A trial on Victoria's southwest coast is using specialised electrical resistivity imaging equipment to give researchers an insight into the level of saltwater encroachment in the region's groundwater systems.
Dr Ander Guinea, geosciences lecturer in the School of Engineering, Information Technology and Physical Sciences, is working with Southern Rural Water on the trial that is studying the interaction between ground and seawater.
In coastal areas, groundwater typically finds its way to the sea, with a transition on the route between fresh and salty water. When water is extracted from the ground in these areas, encroaching seawater can find its way into what were thought to be salt-free water sources further inland.
This can lead to saltwater moving into marshes and other wetlands fed by groundwater, with potentially devastating consequences for fish, birds and other animals and plants.
Farmers rely on groundwater, extracting it from bores to use on their crops.
Federation University Australia's Geoscience group purchased the electrical resistivity imaging equipment in 2020. It is believed to be the only one of its kind in Victoria.
The process works by injecting an electrical current into the ground between a pair of electrodes and measuring the differences in voltages with a second pair of electrodes. This measurement can be repeated along a line of electrodes, allowing the electrical conductivity of the terrain to be calculated in 2D profiles or 3D models. These models can be used for several purposes, including layer mapping, defining depth to bedrock, landfill investigations, and groundwater and contamination investigations.
"With this technique, we measure the conductivity underground, and we can create 2D or 3D models of the different conductivity of the terrain," Dr Guinea said.
"There are layers of different materials underground, and we might be able to pick up those variations, but, in this case, the salt is making the water much more conductive.
"The more salt there is, the better it conducts electricity. Water is usually considered conductive, but pure water doesn't conduct that well at all.

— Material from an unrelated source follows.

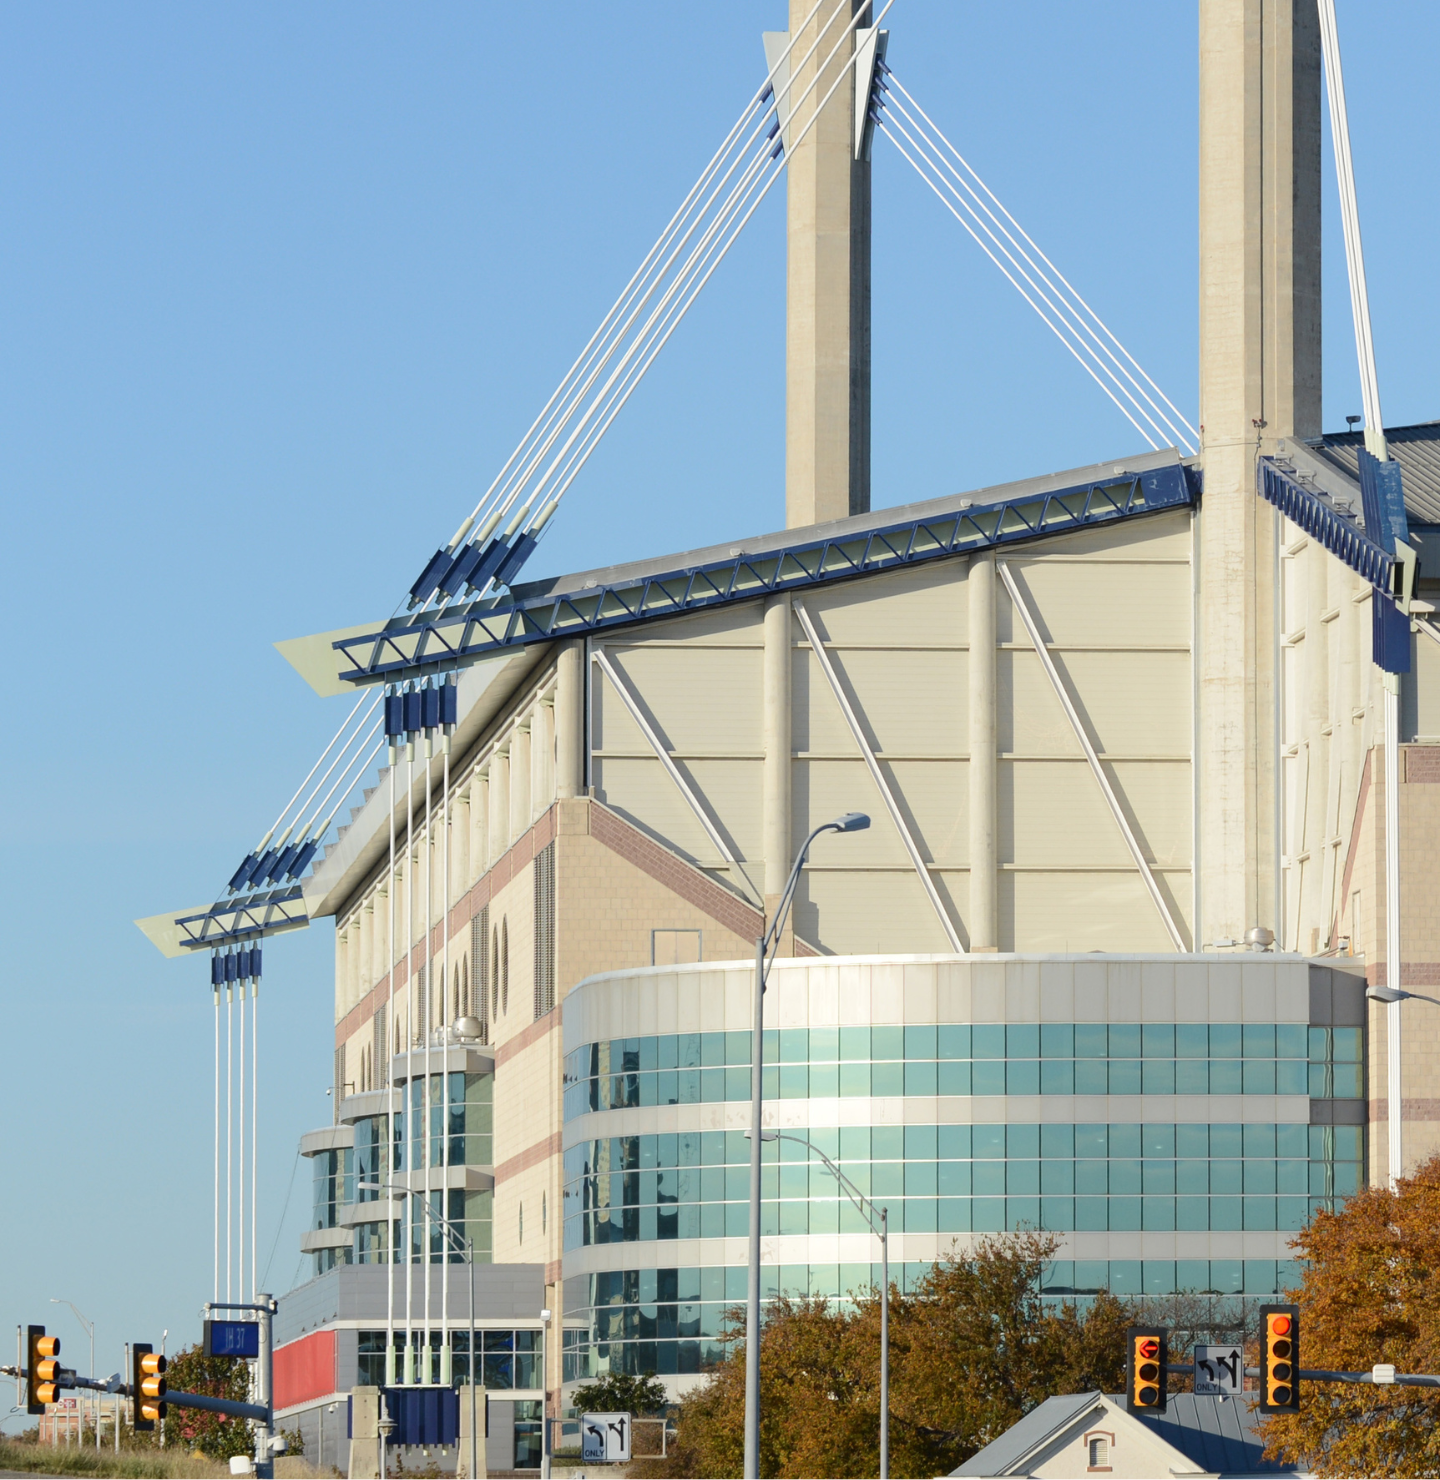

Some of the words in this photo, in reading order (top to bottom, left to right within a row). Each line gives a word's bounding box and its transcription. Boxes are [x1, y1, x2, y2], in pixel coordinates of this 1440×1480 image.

Because of that characteristic, these methods will be capable of identifying the transition between very conductive to not-so conductive water." Dr Ander Guinea
Dr Guinea said performing the trial at different times over the year could show how the balance between freshwater and saltwater was changing over time.
"But overall, this encroachment is happening every year – the seawater is moving a little bit further into the system. Considering that sea levels are rising, and water usage is also rising, this could create bigger problems in the future," Dr Guinea said.
"Over time, ideally, these water systems should be relatively stable. Perhaps in some areas, there will have been more encroachment because there is less recharge coming from the continent, but then in the wet season, you should have the opposite. You expect to see that transition move a little bit, although that can also depend on the characteristics of the aquifers."
Previously, this information was gathered by extracting water from a limited number of bores. But the variability of the water systems throughout the seasons meant the readings were unreliable.
Dr Guinea has also used the technology in a project with Victoria's Environment Protection Authority (EPA), studying closed landfills and their potential for environmental hazards.
"Today, landfills are required to have linings and different methods for collecting hazardous waste, but in earlier times, the best-case scenario may have been a landfill site lined with clay," Dr Guinea said.
"The problem in many cases is we don't know how deep they are because they have long been covered, and there may have been gas leaking out and sometimes contamination going underground to groundwater systems.
"But using this technique, we can delineate the landfill and its depth, and we can even identify different types of waste."